_What to produce_
All of the entries below should be printed exactly; the pictures are to be left out.
....................
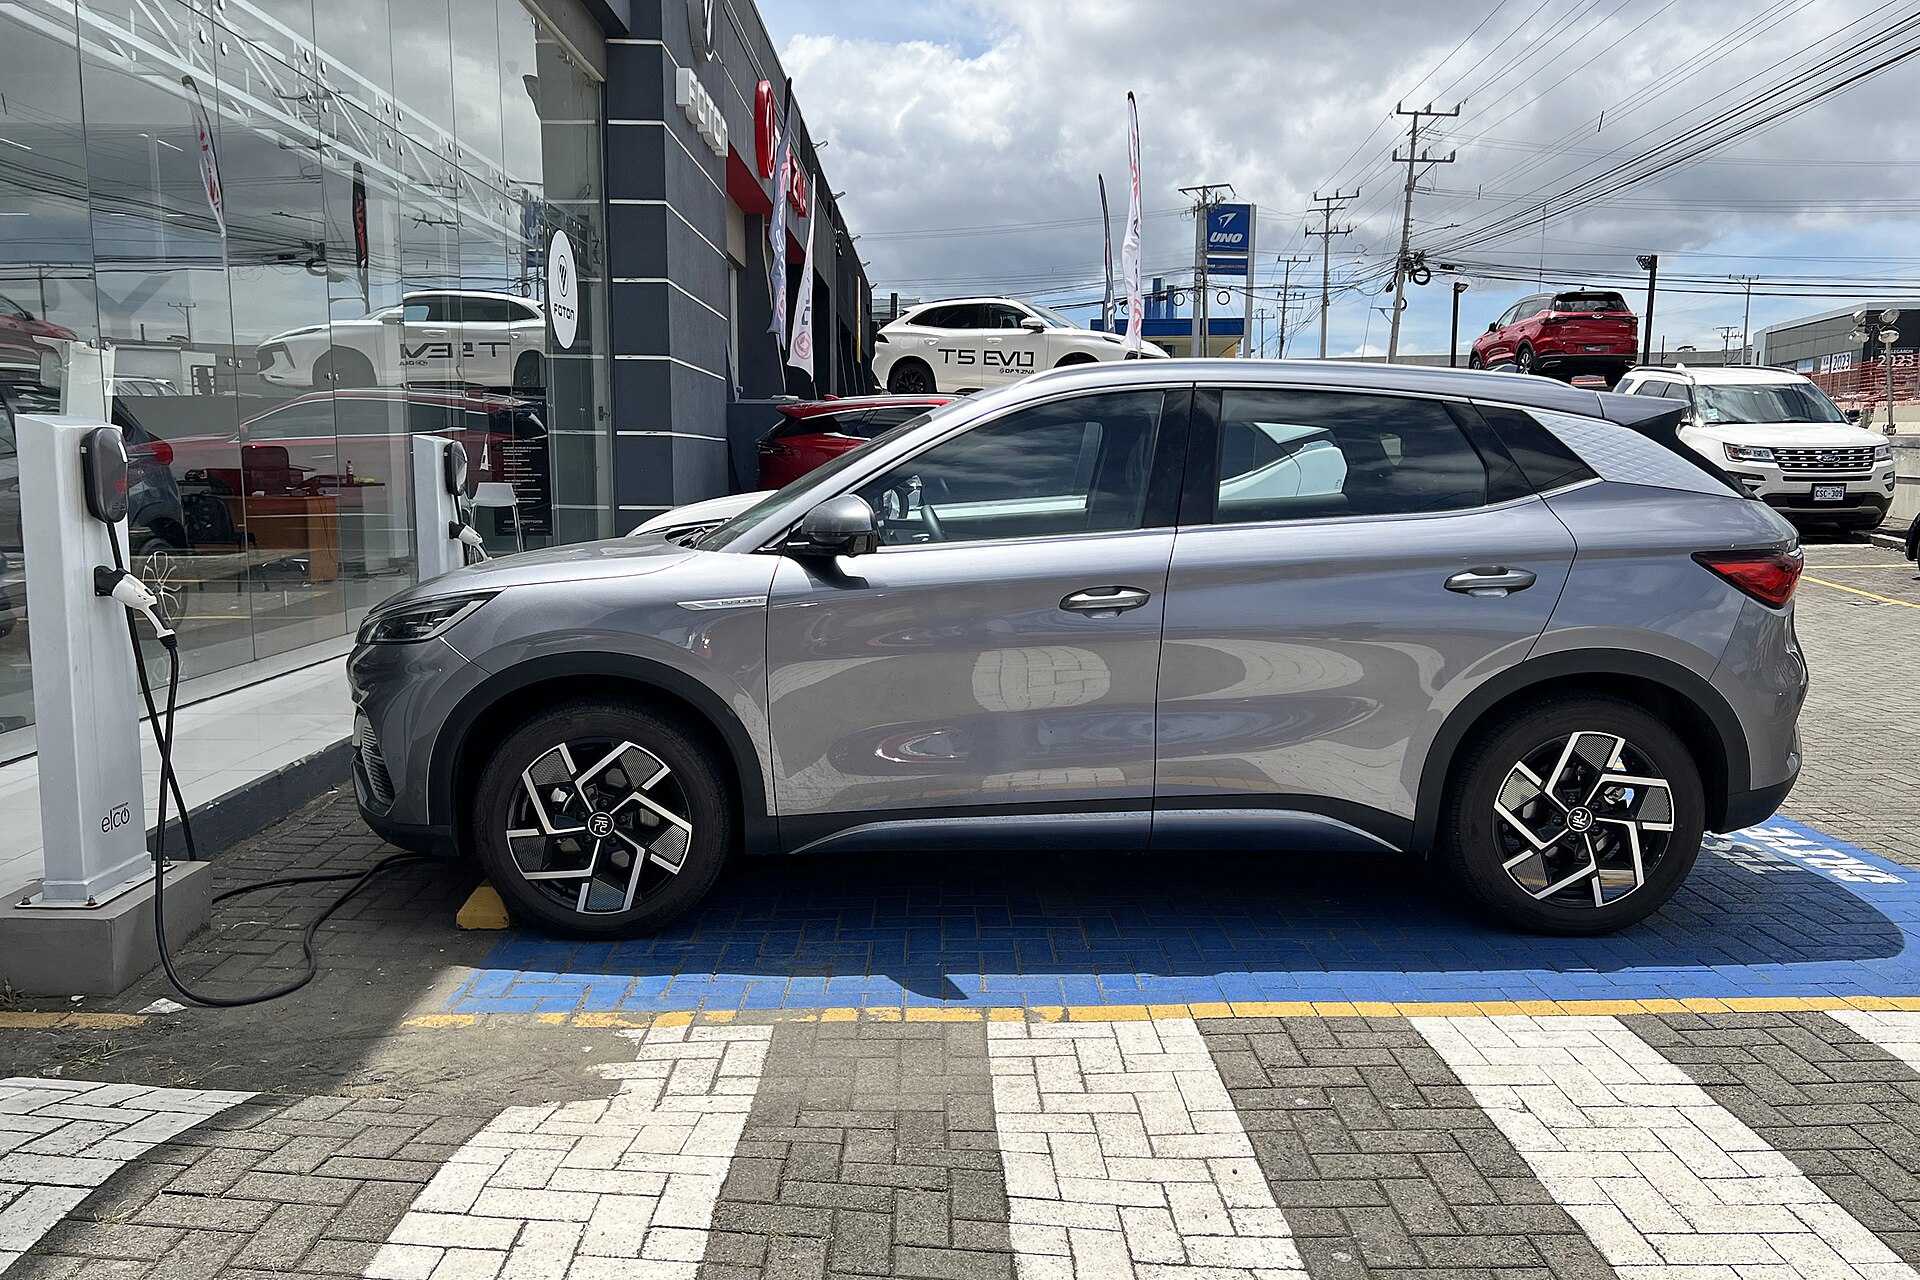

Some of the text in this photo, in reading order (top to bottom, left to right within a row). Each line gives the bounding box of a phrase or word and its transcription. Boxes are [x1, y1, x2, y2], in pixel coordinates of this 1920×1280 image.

[1209, 232, 1243, 243] UNO
[554, 303, 575, 321] FOTON
[938, 349, 1035, 367] T5 EVO
[1833, 354, 1850, 371] 2023
[1815, 489, 1843, 498] CSC-309
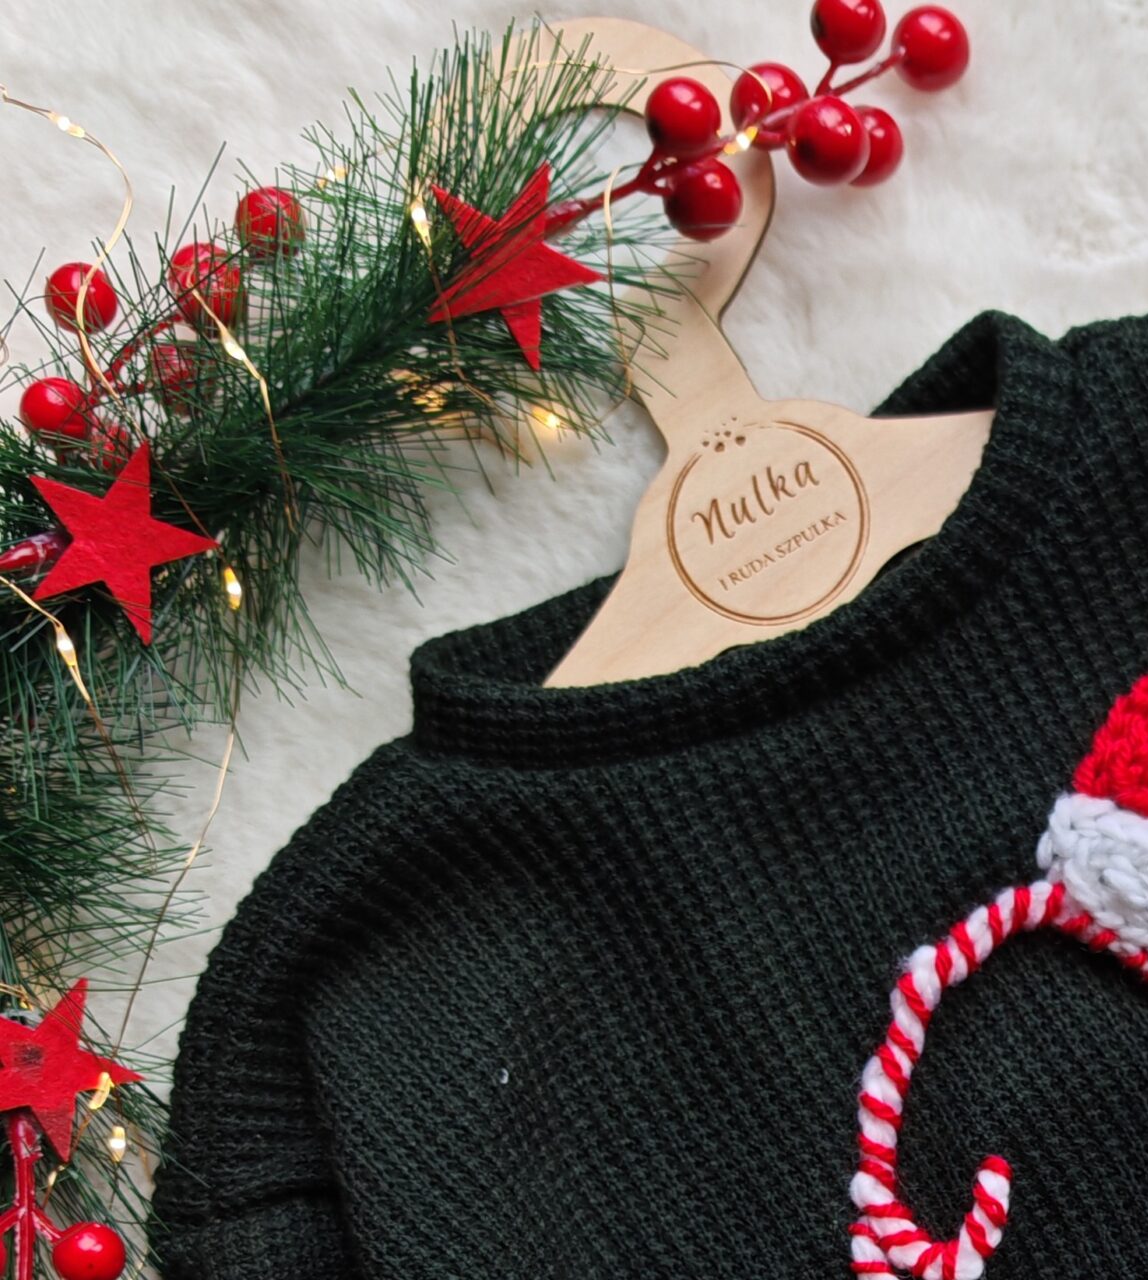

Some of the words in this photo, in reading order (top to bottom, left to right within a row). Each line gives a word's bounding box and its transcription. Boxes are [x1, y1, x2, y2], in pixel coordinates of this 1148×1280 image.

[691, 461, 820, 545] Nulka
[728, 553, 776, 586] RUDA
[774, 511, 848, 559] SZPULKA
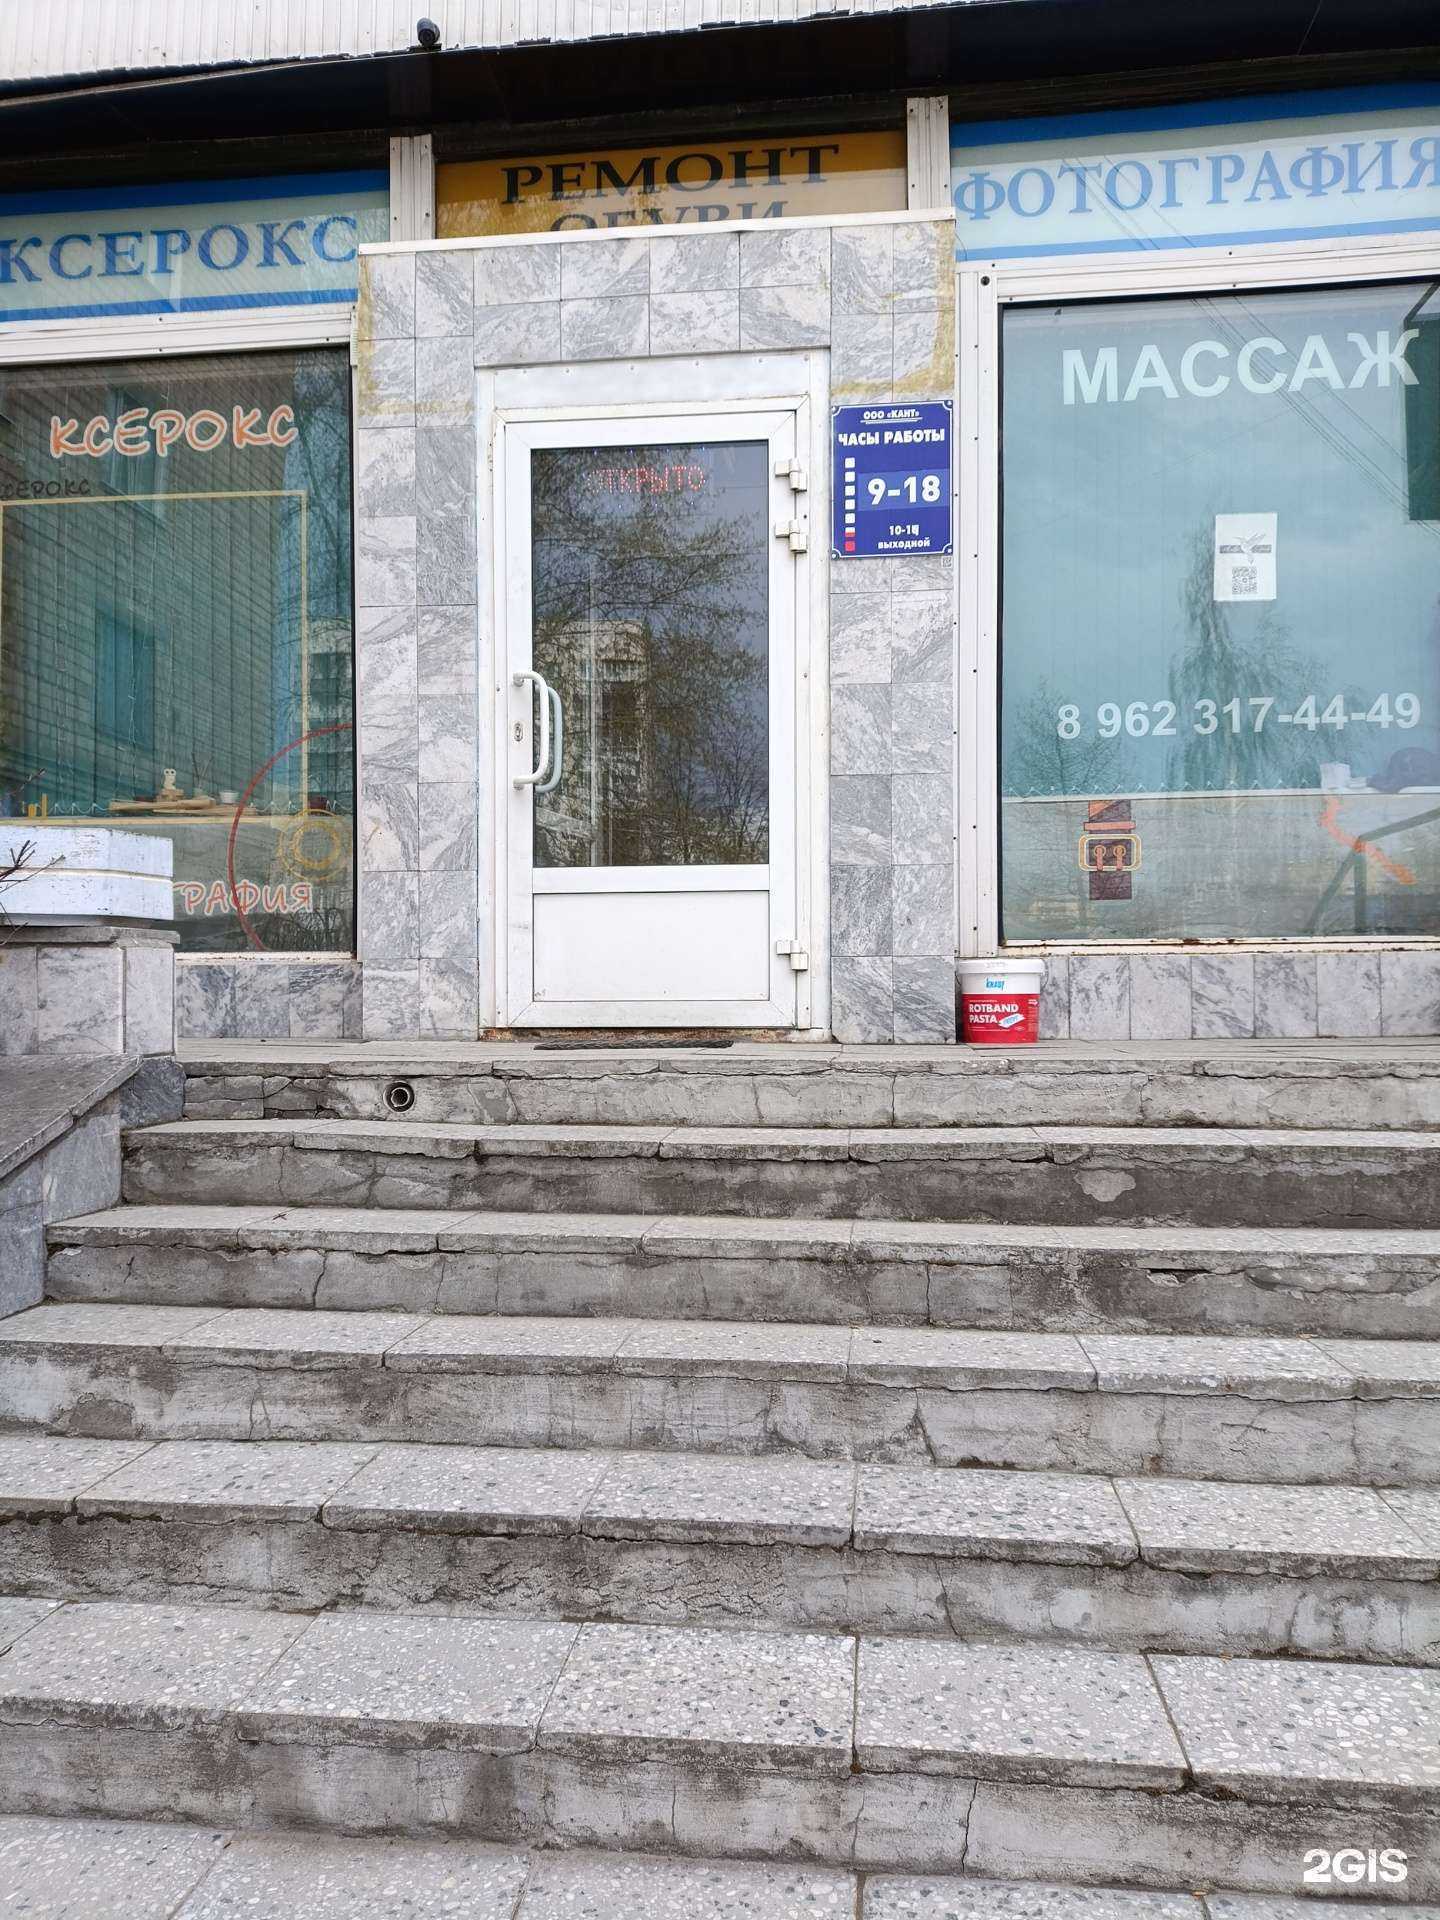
....................
_Output of the exercise_
Some of the text in this photo, in reading order (top to bottom, left to right within a row). Each line gives the bounding box of a phrase or word and its transcription. Boxes are [x1, y1, x2, y2], in pixel coordinates of this 1920×1280 image.

[1209, 232, 1243, 243] UNO
[554, 303, 575, 321] FOTON
[938, 349, 1035, 367] T5 EVO
[1833, 354, 1850, 371] 2023
[1815, 489, 1843, 498] CSC-309

Some of the words in this photo, in reading order (top to bottom, left to right within a row). Each line gives a word's bounding box and its transcription. Boxes are [x1, y1, x2, y2], in pixel coordinates of this 1148×1280 image.

[691, 461, 820, 545] Nulka
[728, 553, 776, 586] RUDA
[774, 511, 848, 559] SZPULKA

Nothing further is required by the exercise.